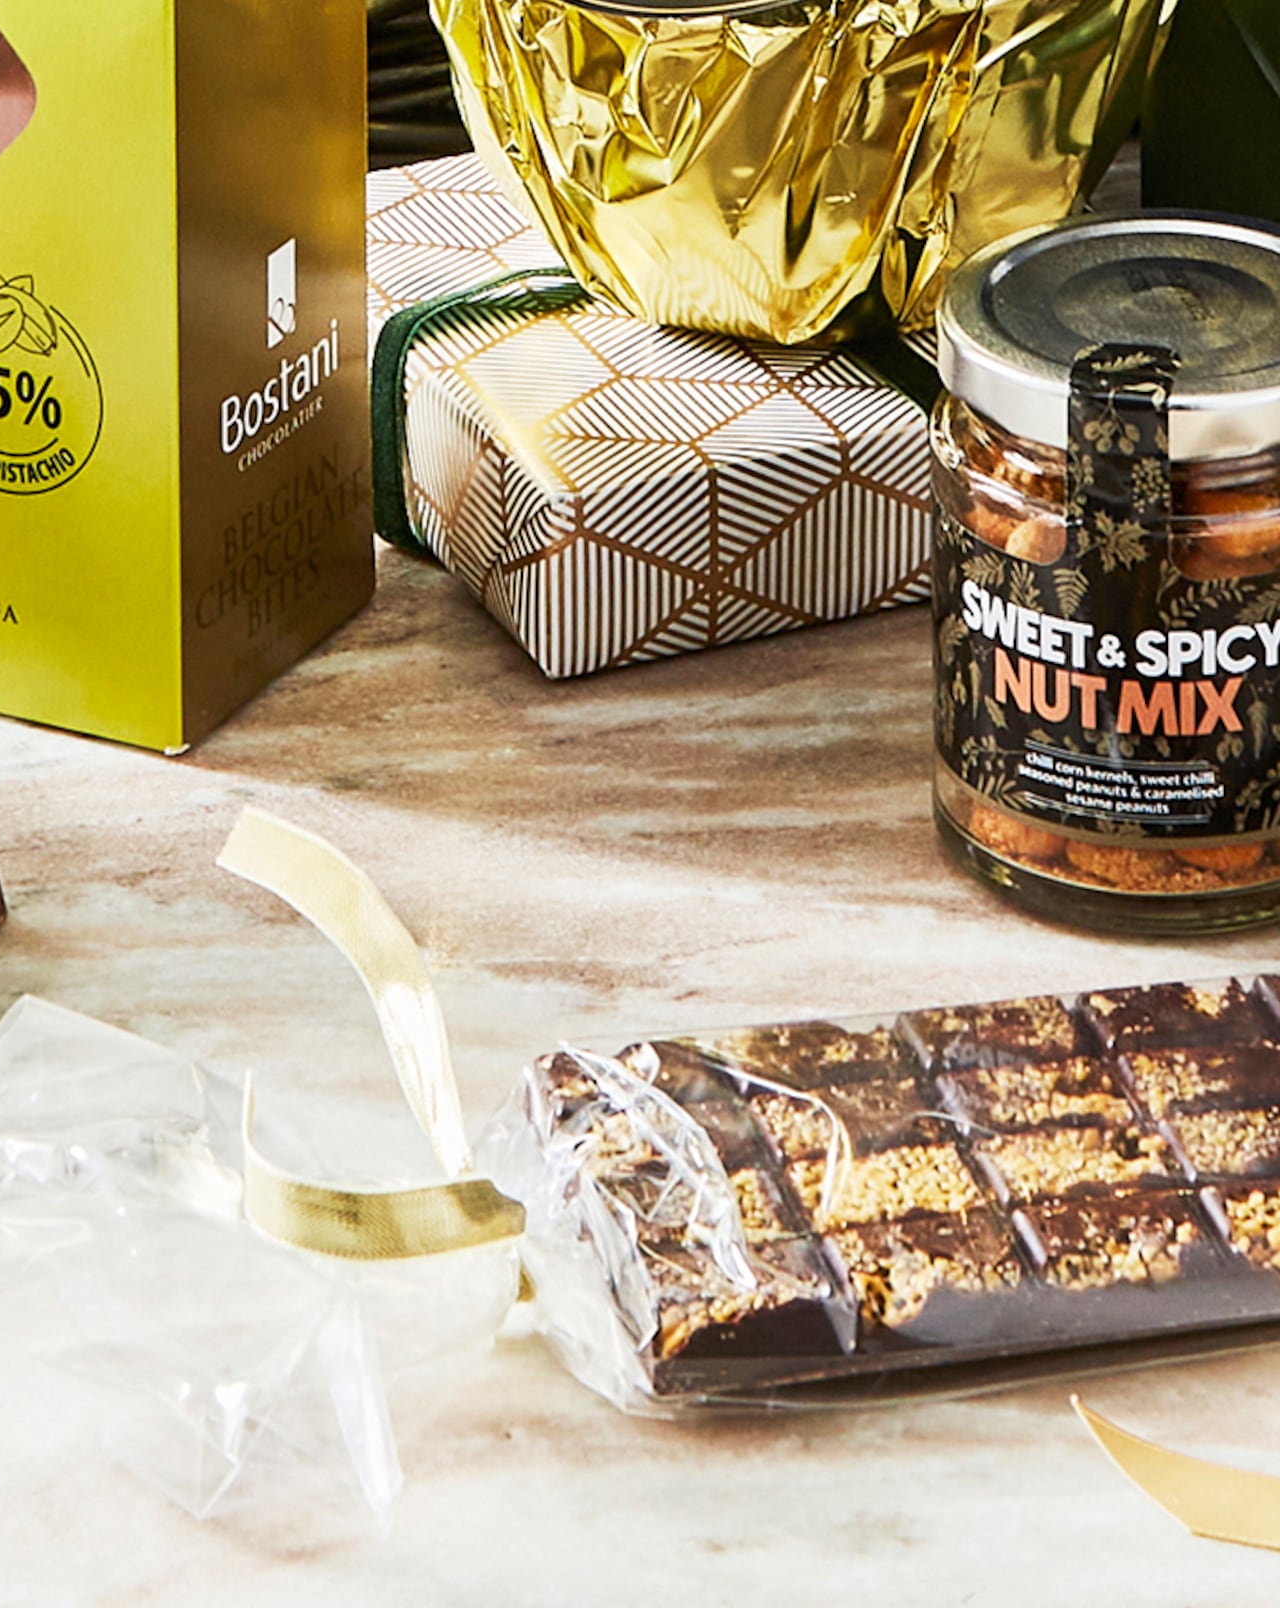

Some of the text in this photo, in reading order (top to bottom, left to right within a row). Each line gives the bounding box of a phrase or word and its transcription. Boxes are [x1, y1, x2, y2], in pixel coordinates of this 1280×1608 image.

[219, 317, 340, 456] Bostani
[237, 395, 324, 473] CHOCOLATIER
[223, 442, 339, 566] BELGIAN
[247, 550, 321, 638] BITES
[960, 578, 1094, 669] SWEET
[1096, 633, 1128, 669] &
[994, 646, 1245, 737] NUT MIX
[1018, 763, 1225, 801] seasoned peanuts & caramelised
[1055, 760, 1084, 777] corn
[1085, 764, 1138, 786] kernels,
[1139, 773, 1181, 787] sweet
[1182, 771, 1216, 785] chilli
[1064, 792, 1170, 815] sesame peanuts

****************

▶ _Exercise description_
Provide an exact copy of the records, excluding every picture.

▶ _Exercise result_
Some of the text in this photo, in reading order (top to bottom, left to right within a row). Each line gives the bounding box of a phrase or word and its transcription. Boxes are [x1, y1, x2, y2], in pixel coordinates of this 1280×1608 image.

[219, 317, 340, 456] Bostani
[237, 395, 324, 473] CHOCOLATIER
[223, 442, 339, 566] BELGIAN
[247, 550, 321, 638] BITES
[960, 578, 1094, 669] SWEET
[1096, 633, 1128, 669] &
[994, 646, 1245, 737] NUT MIX
[1018, 763, 1225, 801] seasoned peanuts & caramelised
[1055, 760, 1084, 777] corn
[1085, 764, 1138, 786] kernels,
[1139, 773, 1181, 787] sweet
[1182, 771, 1216, 785] chilli
[1064, 792, 1170, 815] sesame peanuts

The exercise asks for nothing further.